The Nyah Kur (known in Thai as , Chao Bon) are an ethnic group native to Thailand in Southeast Asia. Closely related to the Mon people, the Nyah Kur are the descendants of the Mon of Dvaravati who did not flee westward or assimilate when their empire fell under the influence of the Khmer when Suryavarman I gained the throne in the early 11th century.

History
The Mon were believed to be one of the earliest people of continental Southeast Asia where they founded some of the earliest recorded civilizations in the region including the Dvaravati in Central Thailand, Sri Gotapura in Central Laos, Hariphunchai in Northern Thailand and the Thaton Kingdom. Dvaravati was among the first to receive Theravada missionaries from Sri Lanka in contrast to Hindu contemporaries, the Khmers and Chams. The Mon adapted the Pallava script to their language and the oldest Mon script was found in a cave in modern Saraburi dating around 550 AD. At the turn of the first millennium, the Mon came under constant pressure due to the Tai migrations from the north and Khmer invasions from the east. When Suryavarman I, the Khmer heir to the throne of the Lavo Kingdom, also became ruler of the Khmer Empire, the vast majority of the Mon of Dvaravati fled west to other Mon lands, were taken as slaves or assimilated to the new culture.

However a small remnant remained in the remote jungles of the Khorat Plateau. Little is known of their history. When they were discovered by western scholars in the early 20th century, it was variously assumed that they were part of the Lawa or Kuy ethnic groups. It was not until 1970 that their language was determined to be directly descended from Old Mon, and in fact, more similar to Old Mon than the modern Mon of their brethren in present-day Burma and Western Thailand.

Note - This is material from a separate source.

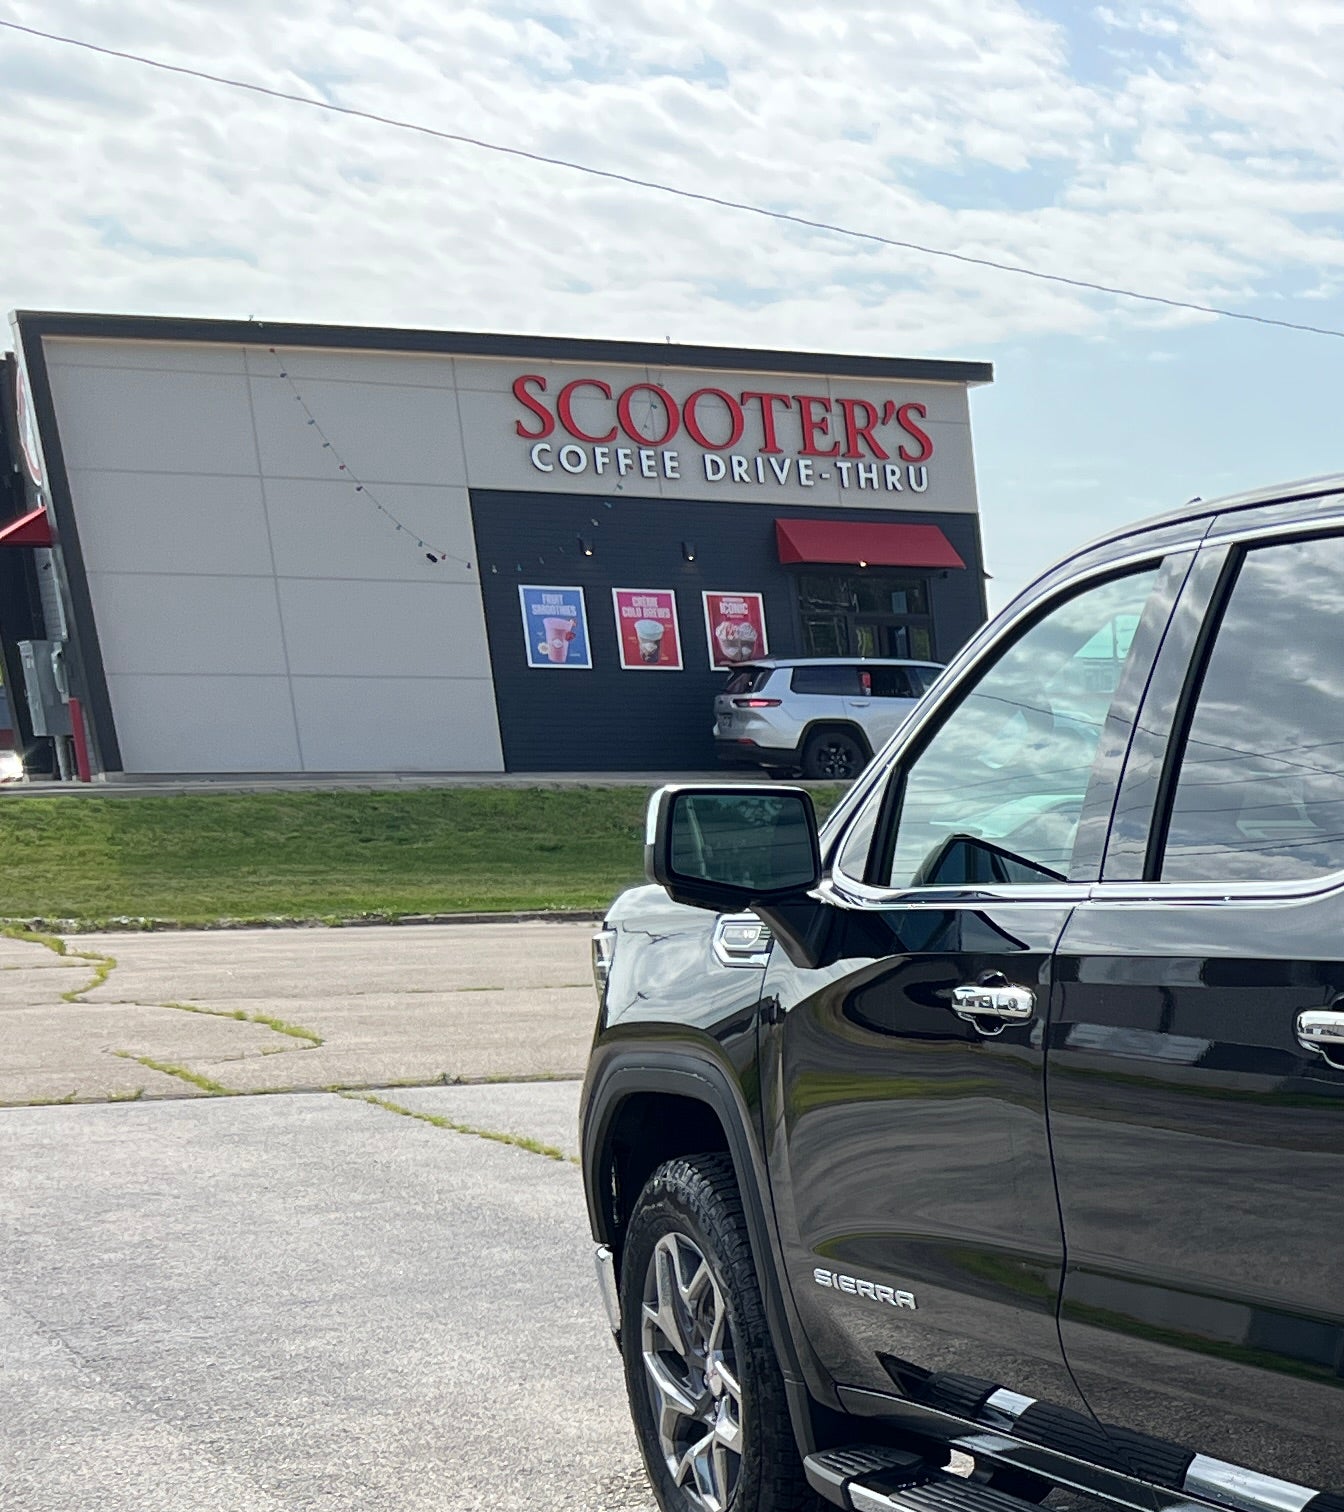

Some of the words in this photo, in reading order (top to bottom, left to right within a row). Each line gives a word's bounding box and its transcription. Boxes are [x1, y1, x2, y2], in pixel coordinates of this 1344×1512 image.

[512, 374, 934, 462] SCOOTER'S
[530, 442, 681, 479] COFFEE
[703, 454, 929, 493] DRIVE-THRU
[813, 1267, 919, 1310] SIERRA

Although Nyah Kur and modern Mon are not mutually intelligible and the endonym Mon is unknown to the Nyah Kur, having remained isolated in the mountains between Central and Northeastern Thailand allowed the Nyah Kur to maintain their own ethnic identity which developed independently from the Mon during the last thousand years yet in some respects shows remarkable similarity to modern Mon culture.

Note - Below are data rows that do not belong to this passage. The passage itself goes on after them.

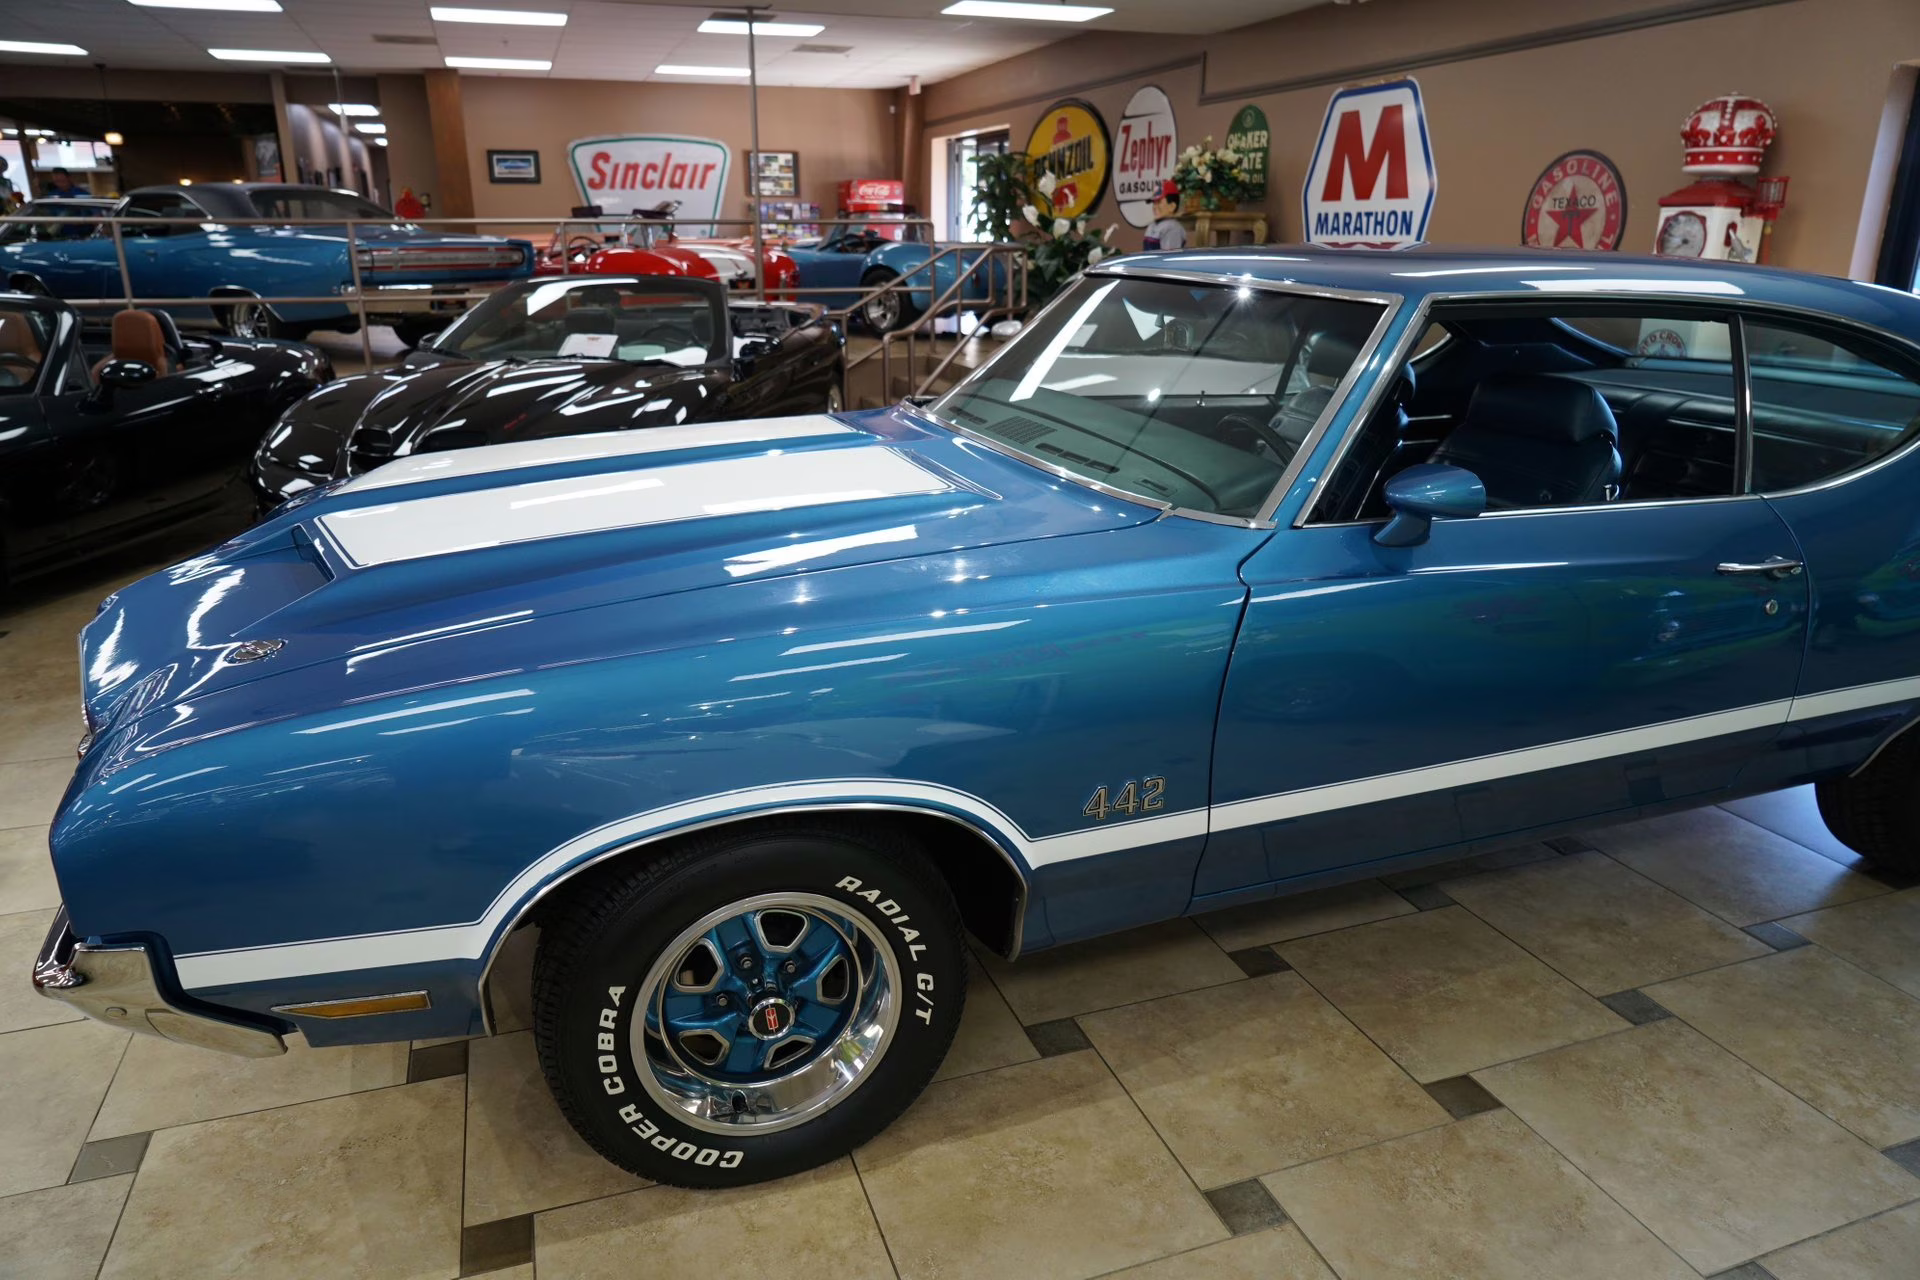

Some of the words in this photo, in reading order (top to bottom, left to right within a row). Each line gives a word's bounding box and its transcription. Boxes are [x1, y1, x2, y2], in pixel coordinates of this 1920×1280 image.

[587, 152, 717, 190] Sinclair
[1120, 120, 1172, 179] Zephyr
[1119, 180, 1163, 195] GASOLIN
[1532, 160, 1617, 209] GASOLINE
[1552, 195, 1597, 209] TEXACO
[1315, 210, 1413, 236] MARATHON
[1083, 776, 1165, 820] 442
[835, 875, 929, 962] RADIAL
[916, 972, 935, 1025] G/T
[597, 985, 627, 1096] COBRA
[618, 1103, 745, 1168] COOPER
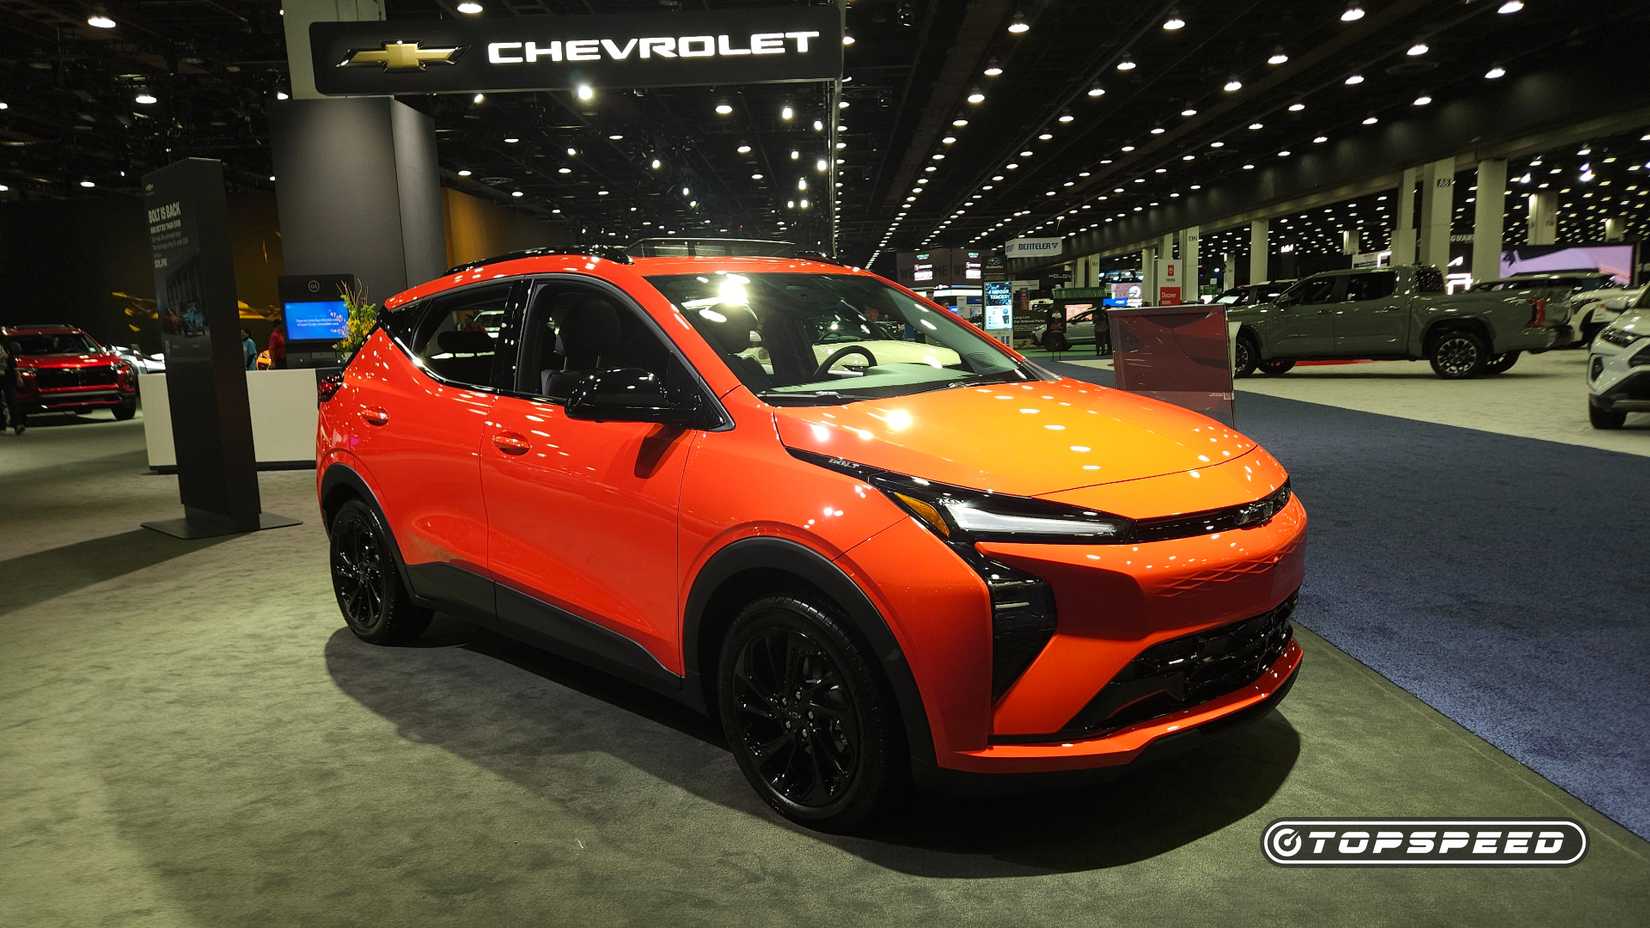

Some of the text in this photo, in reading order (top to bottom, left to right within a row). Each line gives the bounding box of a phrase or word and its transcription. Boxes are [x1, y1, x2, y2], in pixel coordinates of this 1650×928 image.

[487, 31, 820, 64] CHEVROLET
[148, 208, 160, 224] BOLT
[166, 201, 181, 218] BACK
[1018, 241, 1051, 251] BENTELER

Today, the Nyah Kur live in small villages distributed in a north-south strip that crosses Phetchabun, Nakhon Ratchasima and Chaiyaphum provinces, the majority living in Chaiyaphum. The Thai refer to them as ชาวบน meaning "upper people" or "sky people". Their self-designation is Nyah Kur, which in the Nyah Kur language means "mountain folk" and in modern Mon translates to "hill plantation people".

Language
The Nyah Kur language, as a direct descendant of Old Mon, is a sister language to the Mon language of Burma, the two of which constitute the only languages of the Monic branch of the Austroasiatic language family. A 2006 estimate places the number of speakers at approximately 1500 people with no monolinguals. The dialects spoken in Phetchabun and Nakhon Ratchasima have limited intelligibility with that of Chaiyaphum and are nearly extinct. Even in Chaiyaphum, the language is spoken mostly among older Nyah Kur, while others prefer to identify as Thai and speak either the local Isan language or the national Thai standard. Nyah Kur no longer has its own script and when written, employs the Thai alphabet is used. In 1984, a Nyah Kur-Thai-English dictionary was published.

Culture
In modern times, the Nyah Kur have had increasing contact with the surrounding Thai and Kuy population resulting modernization, migration and integration of cultures. Nyah Kur villages today are a mix of ethnic Nyah Kur and Thai-Lao families. The Nyah Kur were historically Animists but today most of them embraced Theravada Buddhism although traditional spirits, including Jao Paw Kun Dahn and Jao Paw Samian, are still worshiped. The Pah Re Re, a traditional courting celebration similar to that of the Mon, is still practiced, usually around the time of the Thai Songkran.